7. A bird identification and protection device for a wind farm, characterized in that: The device comprises: A collection sensor is used to continuously collect multiple sets of detection data of target birds; A processing device connected to the acquisition sensor, used to extract features from the multiple sets of detection data, obtain multiple sets of target feature information of the target bird, the feature information includes target biological feature information, target position information and target distance information; predict the target flight trajectory of the target bird based on the multiple sets of target feature information; set the speed of the wind farm wind turbine based on the target flight trajectory and the blade position information of the wind farm wind turbine; A wind turbine device in a wind farm, wherein at least one blade includes a preset color area and is connected to the processing device to rotate according to the rotation speed.

8. A computer device, characterized in that: include: A memory and a processor, wherein the memory and the processor are communicatively connected to each other, the memory stores computer instructions, and the processor executes the wind farm bird identification and protection method according to any one of claims 1 to 5 by executing the computer instructions.

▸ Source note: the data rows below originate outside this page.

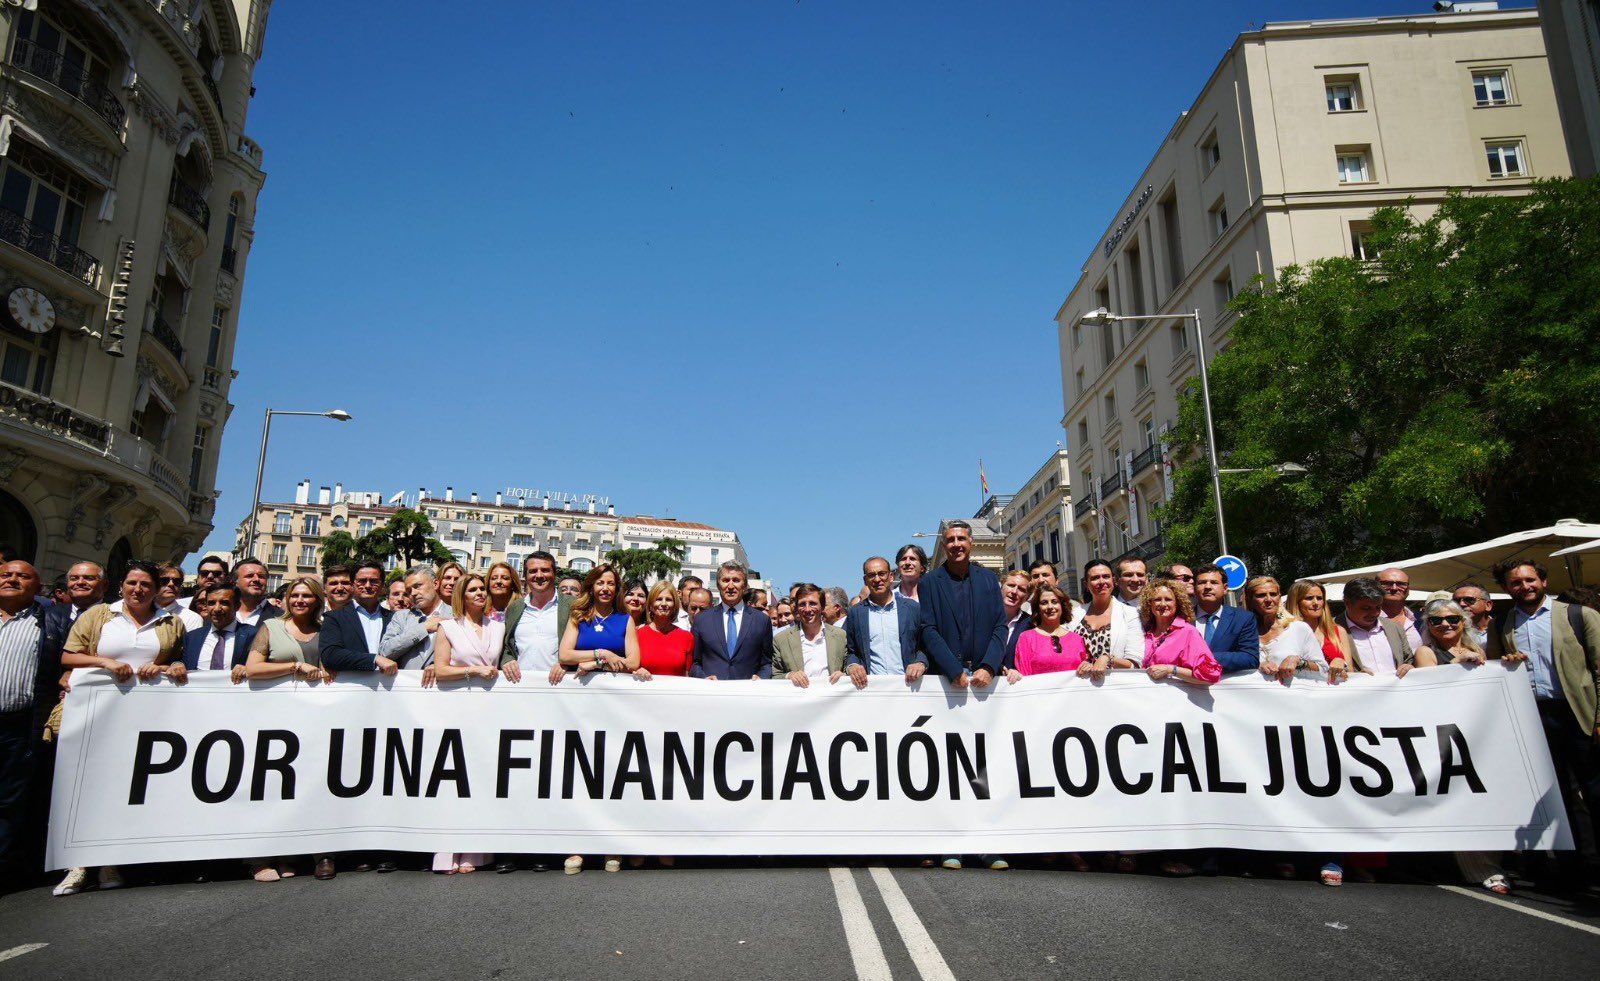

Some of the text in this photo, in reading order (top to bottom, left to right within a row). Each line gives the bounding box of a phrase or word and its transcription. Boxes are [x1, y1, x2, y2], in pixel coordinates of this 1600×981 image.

[506, 486, 541, 499] HOTEL
[547, 490, 578, 502] VILLA
[626, 525, 662, 534] ORGANIZACIÓN
[663, 527, 681, 535] MÉDICA
[682, 530, 705, 538] COLEGIAL
[128, 716, 1488, 805] POR UNA FINANCIACIÓN LOCAL JUSTA

9. A computer-readable storage medium, characterized in that: The computer-readable storage medium stores computer instructions, and the computer instructions are used to enable a computer to execute the wind farm bird identification and protection method according to any one of claims 1 to 5.

10. A computer program product, characterized in that The method comprises computer instructions, wherein the computer instructions are used to enable a computer to execute the wind farm bird identification and protection method according to any one of claims 1 to 5.